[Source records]
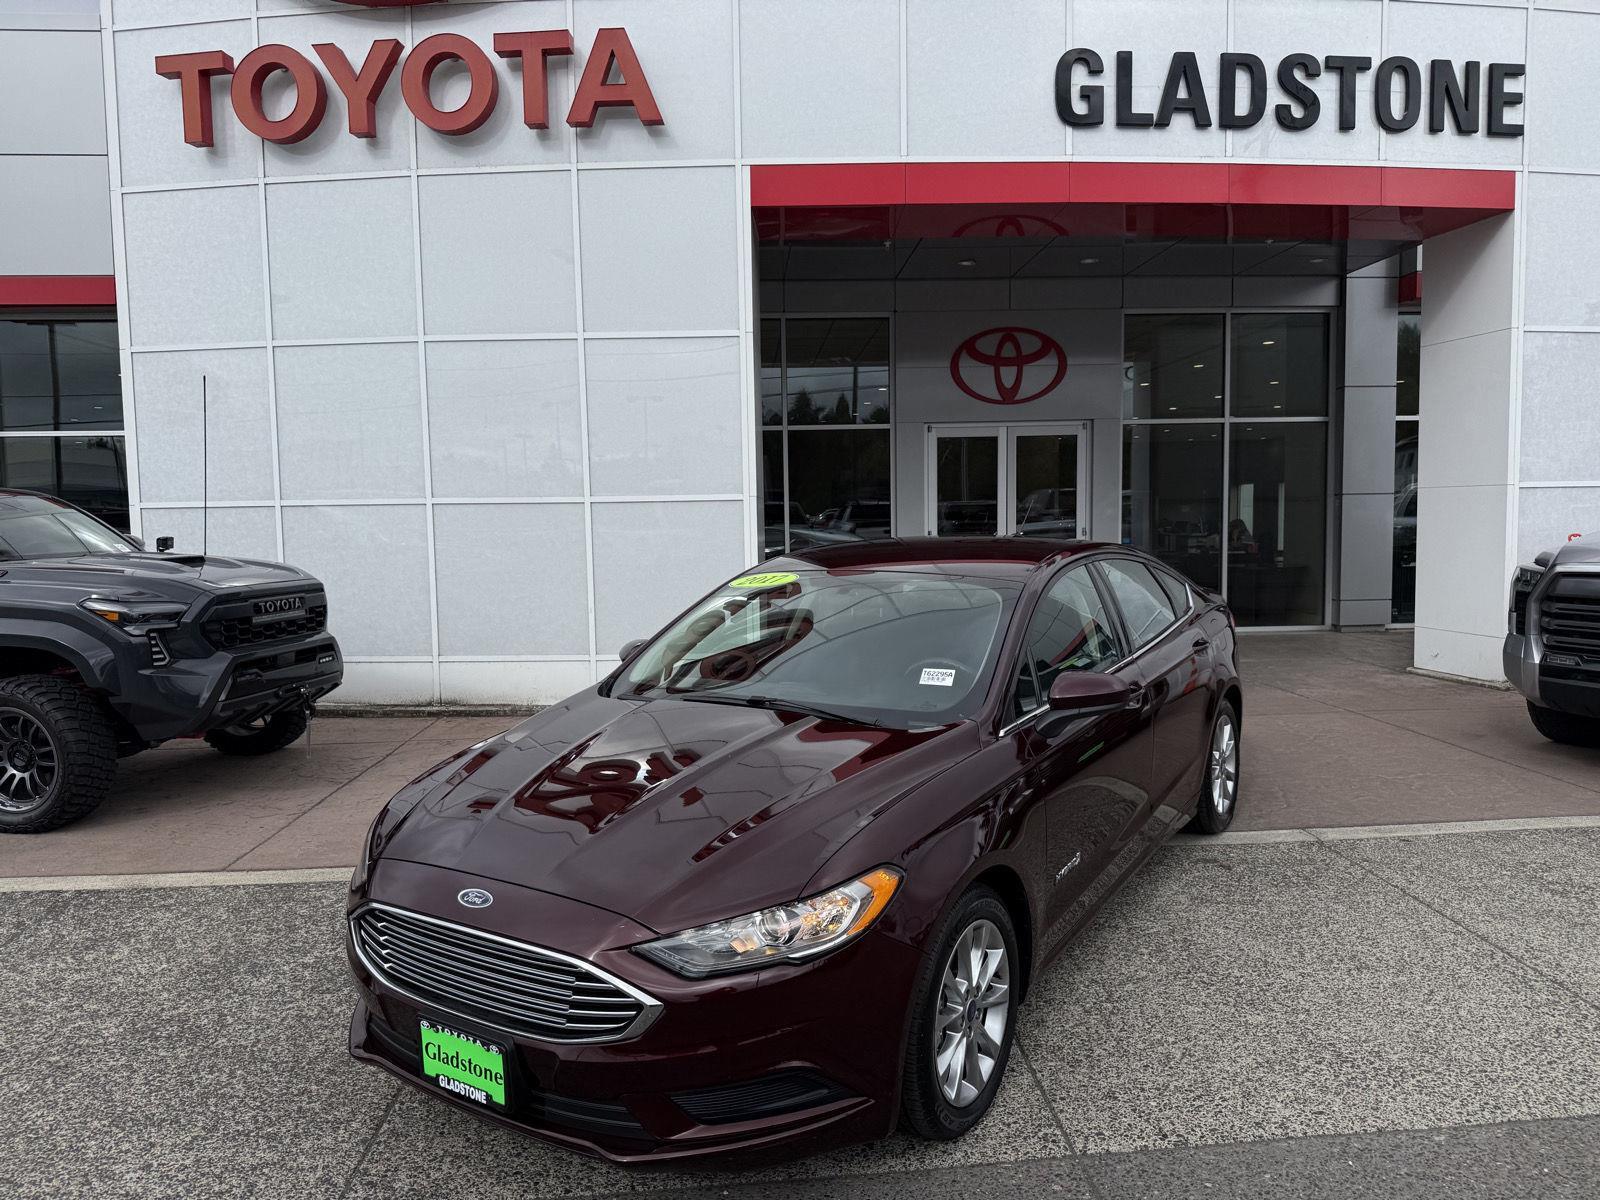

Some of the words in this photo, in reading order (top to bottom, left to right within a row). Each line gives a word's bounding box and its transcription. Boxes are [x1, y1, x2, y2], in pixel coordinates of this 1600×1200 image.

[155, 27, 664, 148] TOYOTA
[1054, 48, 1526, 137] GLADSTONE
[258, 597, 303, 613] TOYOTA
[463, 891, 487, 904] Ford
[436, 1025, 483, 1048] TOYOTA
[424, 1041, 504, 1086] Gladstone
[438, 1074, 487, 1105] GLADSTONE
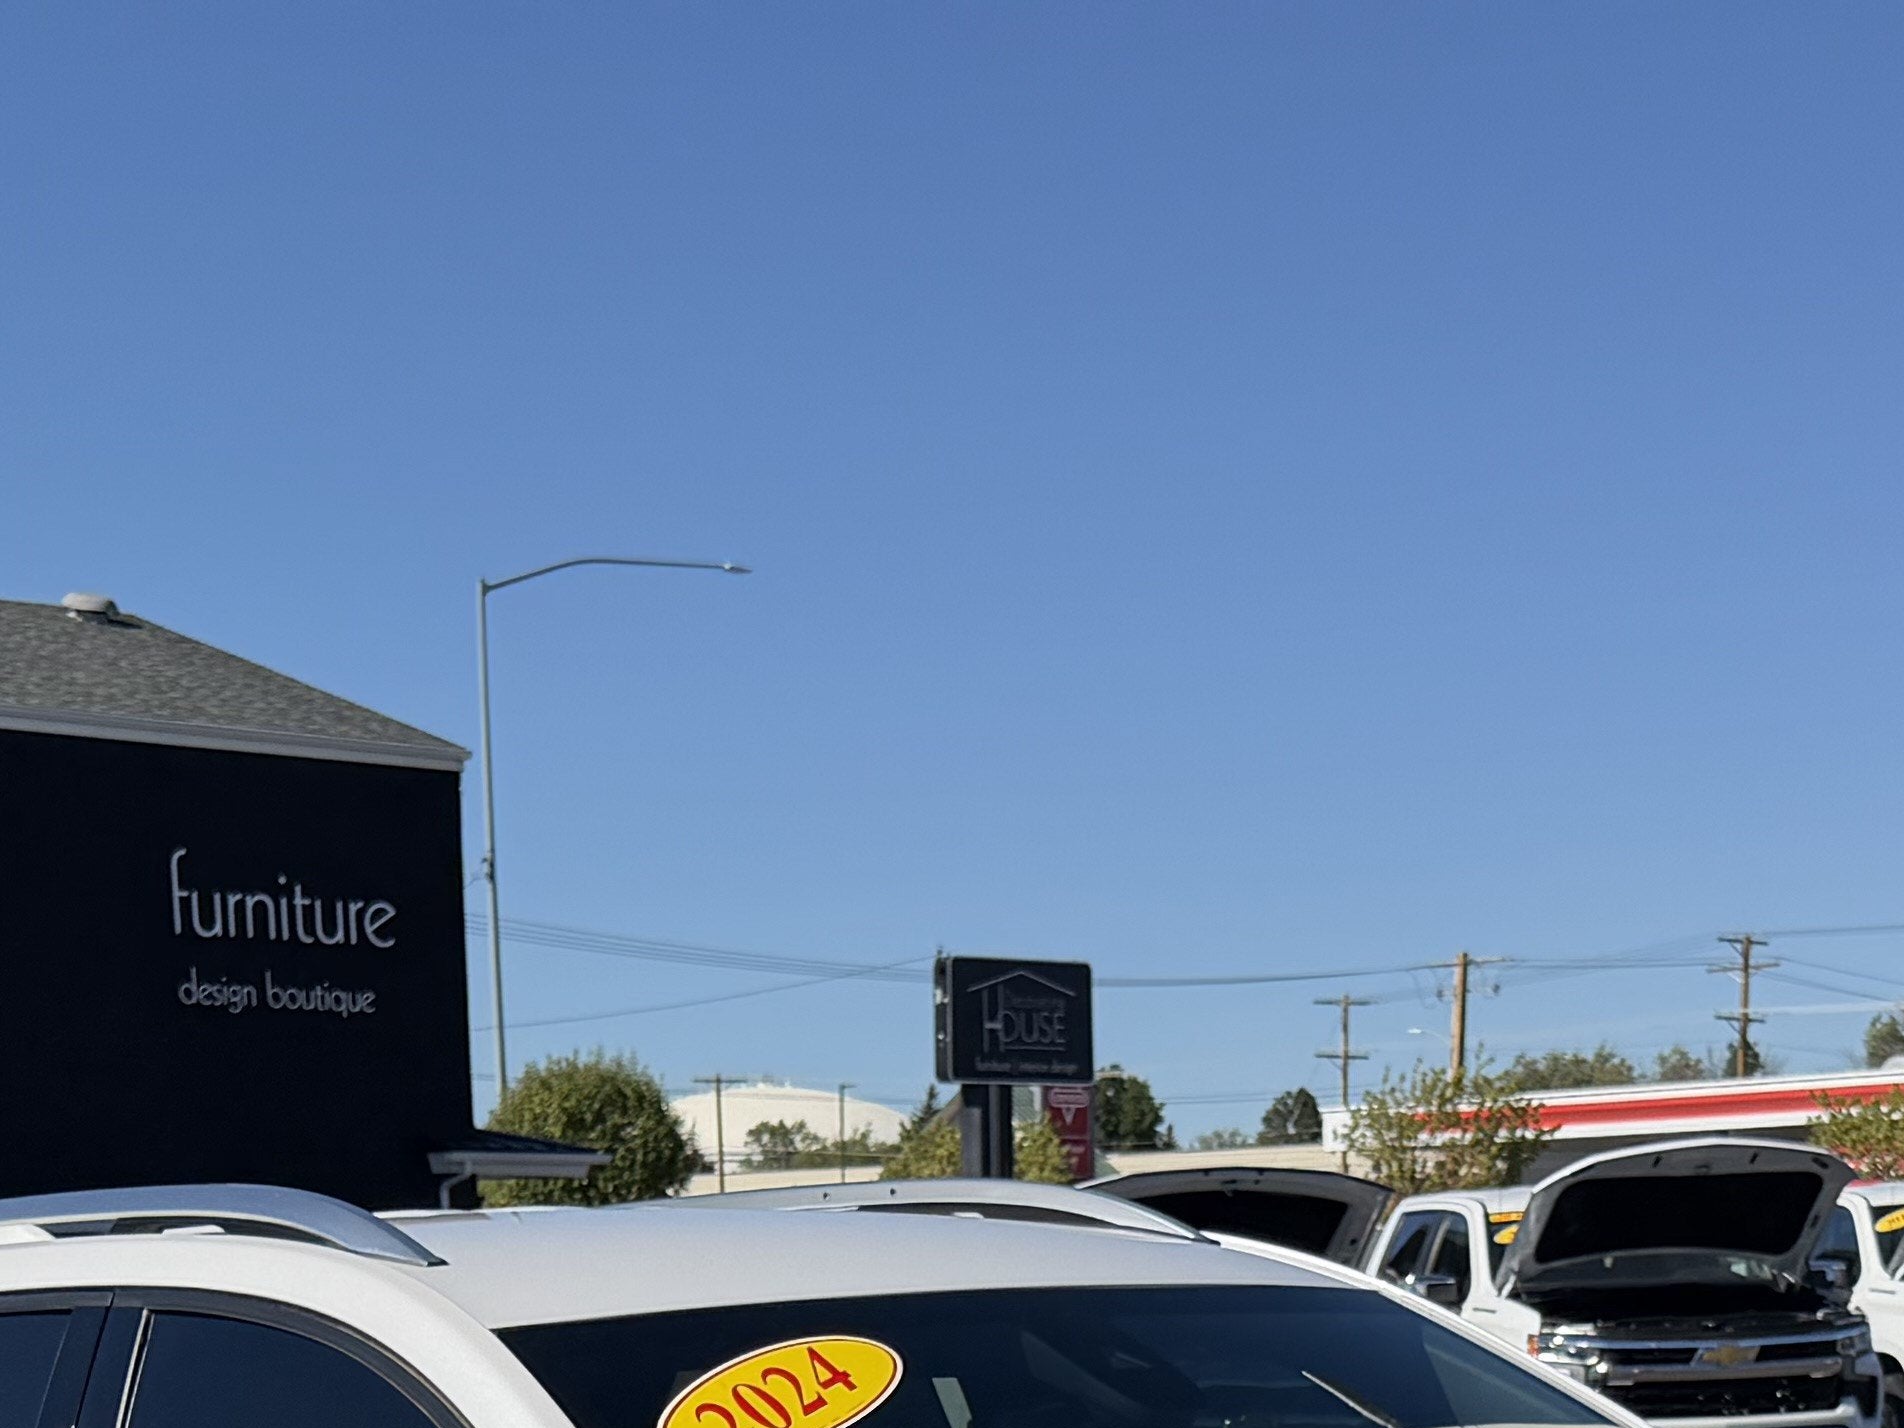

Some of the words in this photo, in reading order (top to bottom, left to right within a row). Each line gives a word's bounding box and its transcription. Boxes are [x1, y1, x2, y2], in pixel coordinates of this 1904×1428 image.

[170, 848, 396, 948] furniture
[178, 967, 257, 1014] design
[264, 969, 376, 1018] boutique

◆ **HOW TO COMPLETE THIS TASK**
Write out exactly those lines of the records above that lie from the one with "this 1904×1428 image." through the last line, including both.

◆ **RESPONSE TO THIS EXERCISE**
Some of the words in this photo, in reading order (top to bottom, left to right within a row). Each line gives a word's bounding box and its transcription. Boxes are [x1, y1, x2, y2], in pixel coordinates of this 1904×1428 image.

[170, 848, 396, 948] furniture
[178, 967, 257, 1014] design
[264, 969, 376, 1018] boutique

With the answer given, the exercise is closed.